As ilhas da resistência ficaram cada vez menores: Cuba, Vietnã. No fim, alguns países isolados do mundo árabe.
Só na América Latina e —depois da eleição do populista de direita Jair Bolsonaro para presidente— em especial no Brasil, a crença na pertinência da luta armada parece intocada.
Um nome sempre a simbolizou: Carlos Marighella, precursor intelectual do conceito de guerrilha urbana.
O herói de Wagner Moura é uma figura trágica. Por mais convincente que ele pareça ser no seu sentimento de injustiça —e a junta militar que tomou o poder em 1964 lhe dá motivos suficientes para isso— nenhum caminho conduz da violência para a benevolência das massas.

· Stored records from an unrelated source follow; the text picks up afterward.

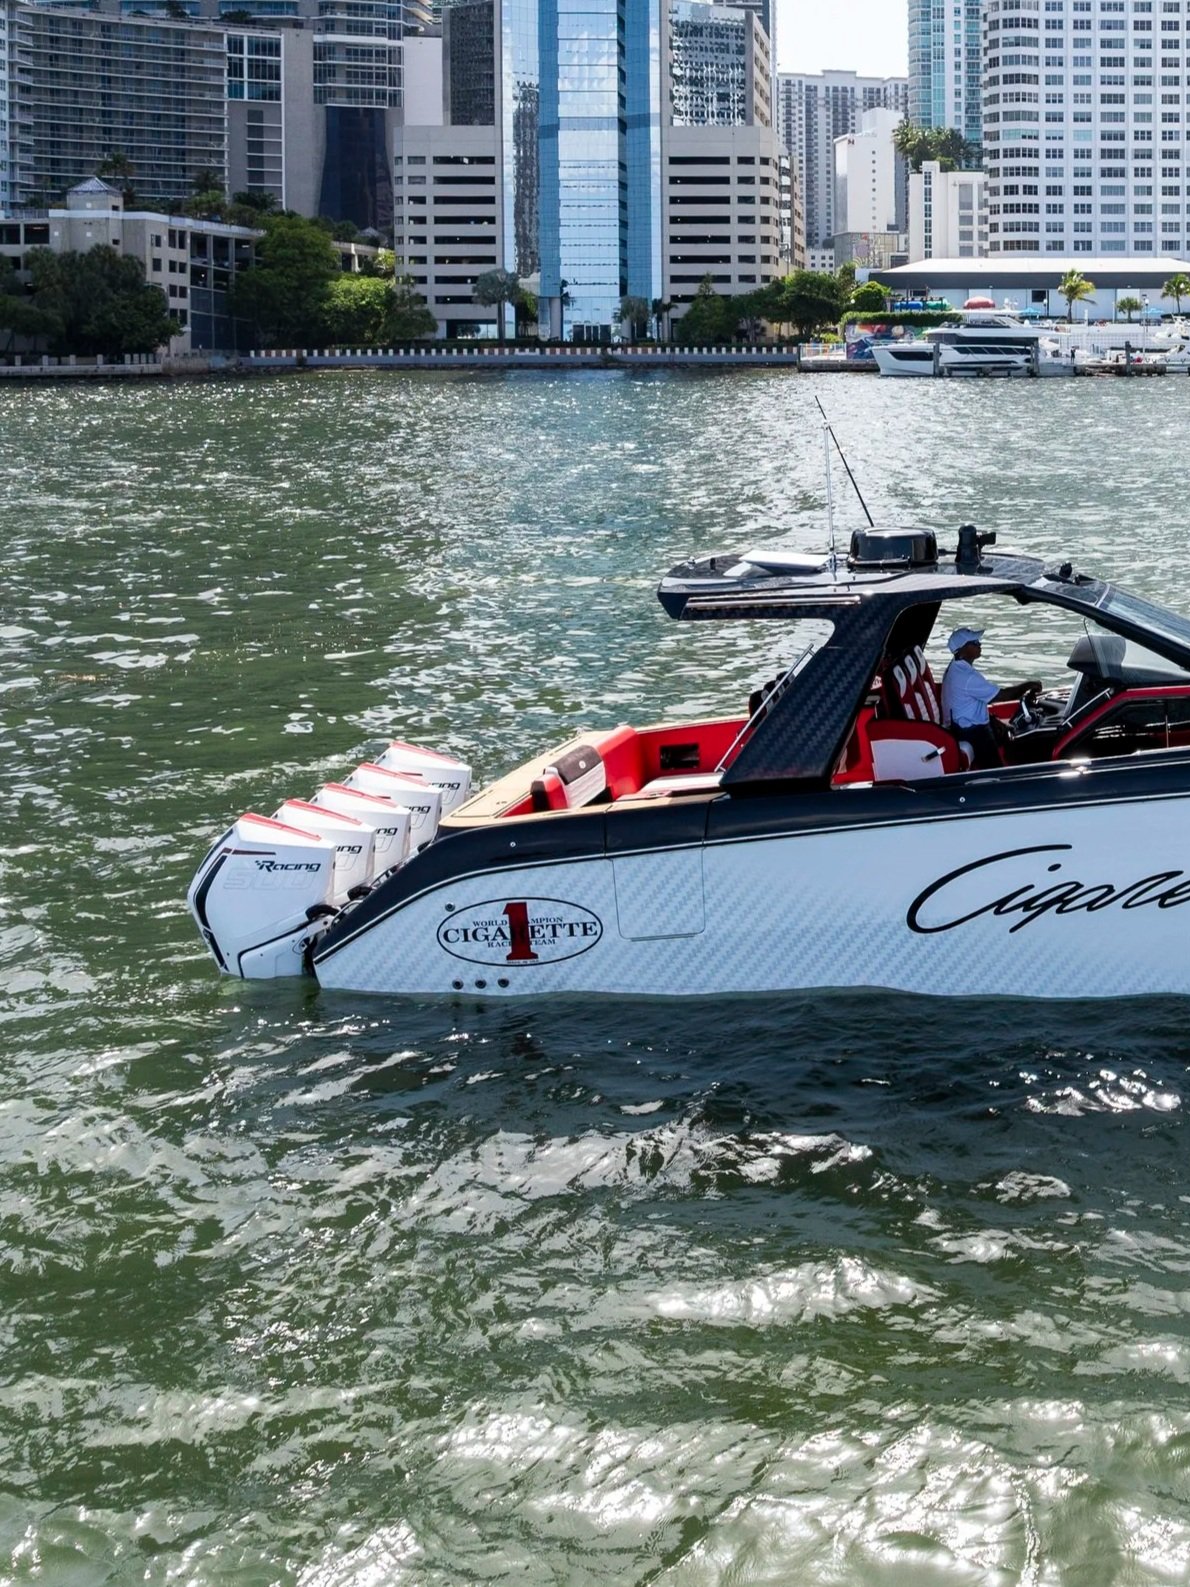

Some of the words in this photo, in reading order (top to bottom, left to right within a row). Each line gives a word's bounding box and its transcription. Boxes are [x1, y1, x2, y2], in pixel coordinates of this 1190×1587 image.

[255, 860, 322, 872] Racing
[472, 919, 508, 927] WORLD
[528, 916, 563, 924] MPION
[443, 921, 598, 944] CIGAETTE
[502, 901, 539, 961] 1

A não ser que se esteja morto e transformado em lenda. E é exatamente essa mitificação que o filme Marighella pretende.
Moura potencializa a imagem de outsider nobre com o fato de seu protagonista ser o único negro do elenco, e isso apesar de Carlos Marighella, com suas raízes indígenas e africanas, não exatamente se diferenciar de seus compatriotas pela cor da pele. Ele era um mestiço, como 38% dos brasileiros.
Apresentá-lo como negro —e transformá-lo em alvo com uma frase como "matar um negro significa matar um vermelho"— é sair do conflito político e transformá-lo num conflito racista. E de uma maneira que todos assim o percebem.
Para a rede de televisão pública alemã RBB, filme é "Epopeia cansativa" (16.fev)
"Não somos terroristas", grita Marighella aos reféns de um assalto a banco. "Somos revolucionários!"
Declarações como essa há um pouco demais no filme. O herói tende a monólogos impulsivos e discussões que, apesar da determinação com que são feitas, soam estranhamente sem vida.
Dúvida e ambiguidades não estão previstas em Marighella. Isso vale também, é claro, para o protagonista e seus aliados —e sobretudo para o grande antagonista, o investigador Lúcio.
Para o jornal berlinense TAZ, "A guerrilha sempre tem razão" (15.fev)
Wagner Moura quer, inconfundivelmente, criar um monumento para Marighella. E Marighella certamente foi uma personalidade carismática. Só que a carência de domínio e um distanciamento em relação a material histórico e pessoal levaram a uma epopeia.
Este filme não conhece contradições, por exemplo, não tematiza as teorias imperialistas e capitalistas unidimensionais da esquerda de então. Ele prefere sobretudo desabonar a direita.
O sistema de segurança brasileiro de então, de fato em parte fascista, é extensivamente exibido na figura do agente assassino Lúcio, e a reconstrução de cenas de tortura ultrapassa os limites do cinematograficamente suportável.
A violência institucional obtusa e de fato existente não precisa ser exibida de forma tão naturalista e duradoura como foi feito neste filme.
A estética de "Marighella" de Wagner Moura é assim involuntariamente reveladora. Ela revela sobretudo um corte significativo na mentalidade do populismo de esquerda na América Latina e como este, hoje, ajeita a história a seu gosto.
Penetrante e grotesca é a representação da influência do governo americano nos acontecimentos na América Latina. Até hoje ela serve ao populismo de esquerda local como desculpa para o próprio fracasso.